I GAVE HIM A TREASURE HUNT about the Mississippi. Imagine you’re a drop of water as you made your way from a glacial lake in Minnesota down to Louisiana and the Gulf. What states would you float past? What fish and plants might you see? What sights and sounds would you hear along the way? It seemed innocent enough—homework I might have done myself, thirty years ago. But thirty years ago, it was a different river.
As he often did in those days, Robbie went a little over the top. The treasure hunt turned into a week-long excursion. He drew maps and diagrams, sketches of boats and barges and bridges, whole underwater scenes replete with exotic aquatics. Days in, he appeared alongside my desk in the office, holding out the enameled tablet on which he did his research. Requesting upgrade to the transponder.
“What’s wrong with it?”
Come on, Dad. You call it Planetary, but it’s just a little kiddie browser. It doesn’t let me go anywhere.
“Where do you want to go?”
He told me the things he was looking for and how he would find them.
“Fine. Use the ‘Theo’ sign-in today. But go back to your own account when you’re done.”
Goodie. You are the greatest. I’ve always said so. What’s the password?
“Your mother’s favorite bird. But flying backwards.”
His eyes pitied me for choosing such an obvious secret.
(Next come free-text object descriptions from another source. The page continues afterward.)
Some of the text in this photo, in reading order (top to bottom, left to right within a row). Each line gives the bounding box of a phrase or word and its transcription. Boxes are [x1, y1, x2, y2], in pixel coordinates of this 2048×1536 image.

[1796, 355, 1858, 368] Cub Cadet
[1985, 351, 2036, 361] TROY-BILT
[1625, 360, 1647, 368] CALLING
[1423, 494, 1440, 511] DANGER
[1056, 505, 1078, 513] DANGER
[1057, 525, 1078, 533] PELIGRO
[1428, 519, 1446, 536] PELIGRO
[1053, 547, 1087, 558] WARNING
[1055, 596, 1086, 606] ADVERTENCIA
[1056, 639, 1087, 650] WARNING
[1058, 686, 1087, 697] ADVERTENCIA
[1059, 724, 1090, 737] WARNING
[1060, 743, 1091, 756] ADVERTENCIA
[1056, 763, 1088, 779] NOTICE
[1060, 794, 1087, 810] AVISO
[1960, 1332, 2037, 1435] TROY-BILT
But he went back to work, ecstatic.
He was subdued at dinner when we both knocked off for the day. I had to draw him out. “How’s life on the Mississippi?”
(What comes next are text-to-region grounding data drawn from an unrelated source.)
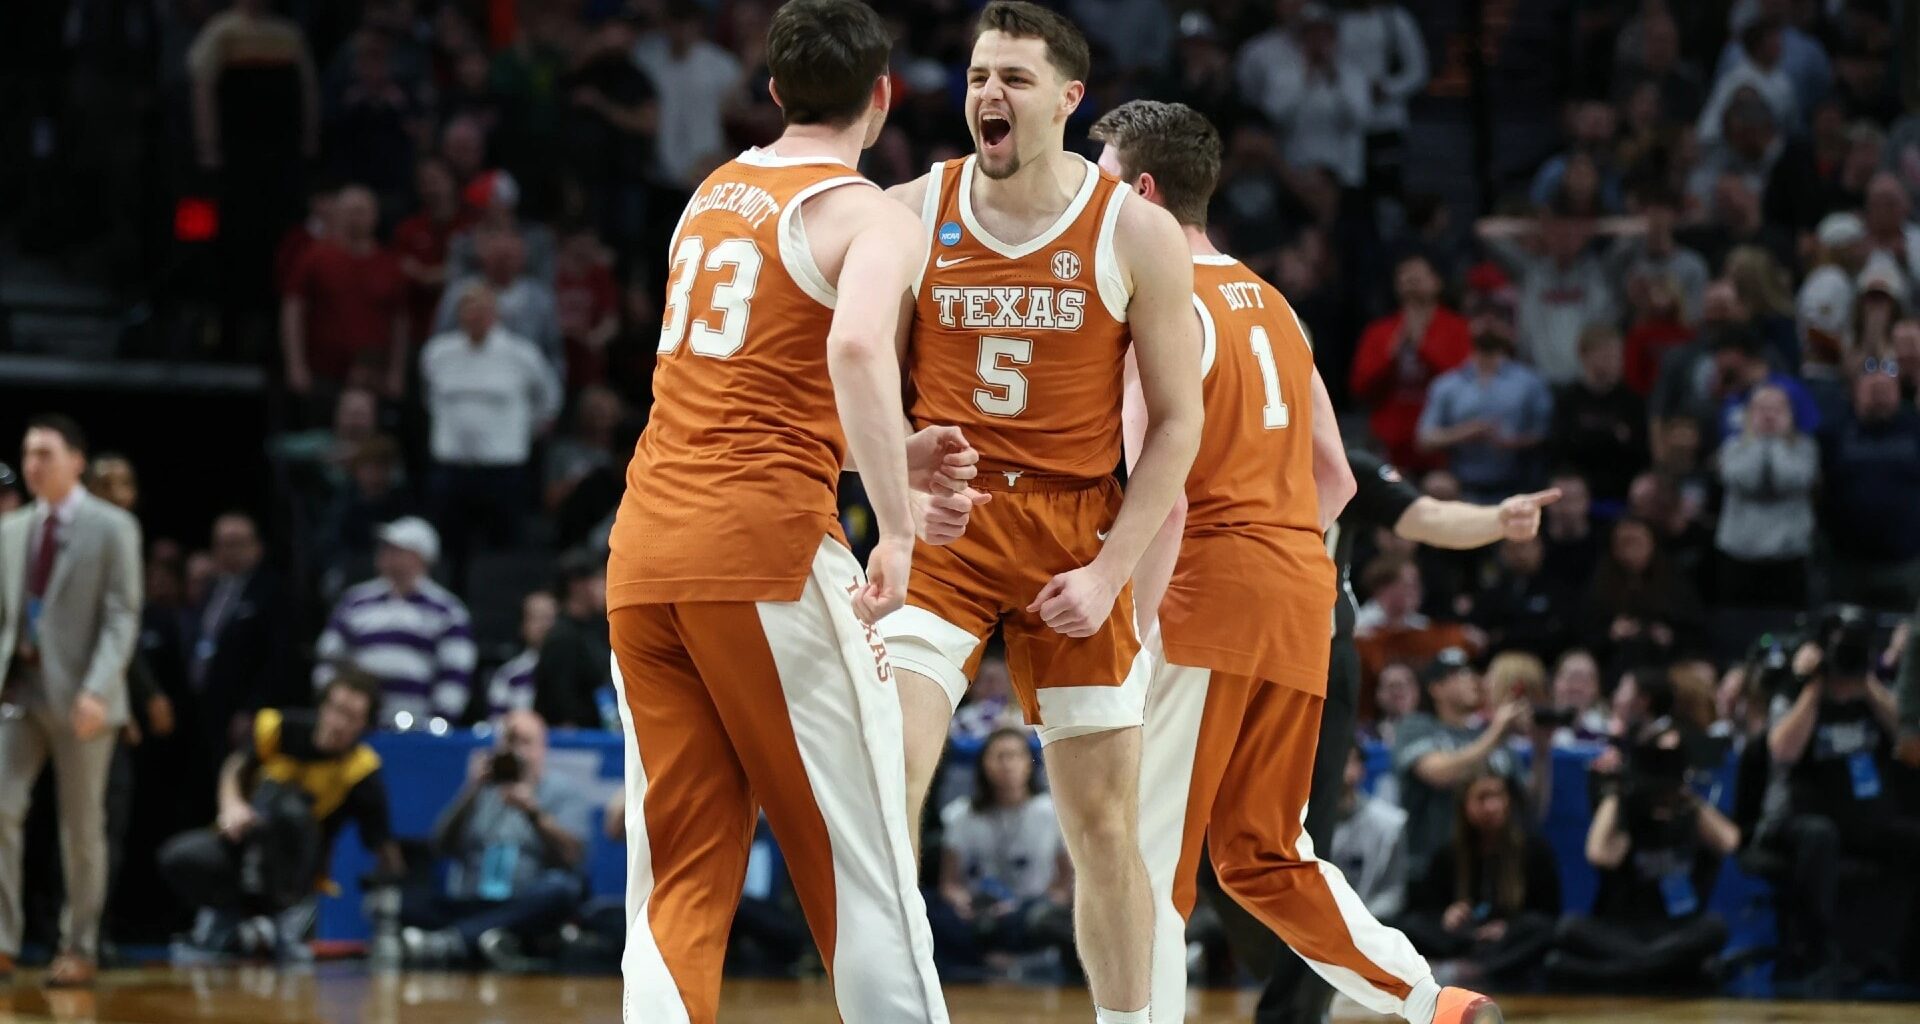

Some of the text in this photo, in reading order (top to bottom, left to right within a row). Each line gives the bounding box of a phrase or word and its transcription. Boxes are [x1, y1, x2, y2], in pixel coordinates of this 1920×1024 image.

[941, 232, 960, 240] NCAA
[1053, 251, 1080, 280] SEC
[657, 236, 764, 361] 33
[932, 286, 1086, 331] TEXAS
[1218, 282, 1265, 311] BOTT
[973, 335, 1033, 418] 5
[1250, 325, 1289, 429] 1
[845, 575, 893, 682] TXAS
He spooned in some tomato soup from far away. Not so great, actually.
“Tell me.”
It’s pretty bad, Dad. Are you sure you want to know?
“I can handle it.”
I don’t know where to start. Like, more than half our migrating birds use the river, but they can’t because they’re losing their habitat. Did you know that? The chemicals that farmers spray on their stuff goes in the river, and that’s turning the amphibians into mutants. And all the drugs that people pee and poop down the toilet. The fish are completely doped up. You can’t even swim in it anymore! And where it comes out? The mouth? Thousands of square miles of dead zone.
His face made me regret giving him my password. How did real teachers handle this? How did they manage field trips down that river without faking the data or ignoring the obvious? The world had become something no schoolchild should be allowed to discover.
He rested his chin on his arm, on the table. I didn’t actually check this, okay? But other rivers are probably just as bad.
I came around the table and stood behind his chair. My hands reached down to take his shoulders. He didn’t look up.
Do people know this?
“I think so. Mostly.”
And they don’t fix it because…?
The standard answer—economics—was insane. I’d missed something essential in school. I was still missing something. I stroked the crown of his head. Somewhere beneath my moving fingers were those cells that the training had reshaped. “I don’t know what to say, Robin. I wish I knew.”
He reached up blindly to clasp my hand. It’s okay, Dad. It’s not your fault.
I was pretty sure he was wrong.
We’re just an experiment, right? And you always say, an experiment with a negative result isn’t a failed experiment.
“No,” I agreed. “You can learn a lot from negative results.”
He stood up, full of energy, ready to go finish his project. Don’t worry, Dad. We might not figure it out. But Earth will.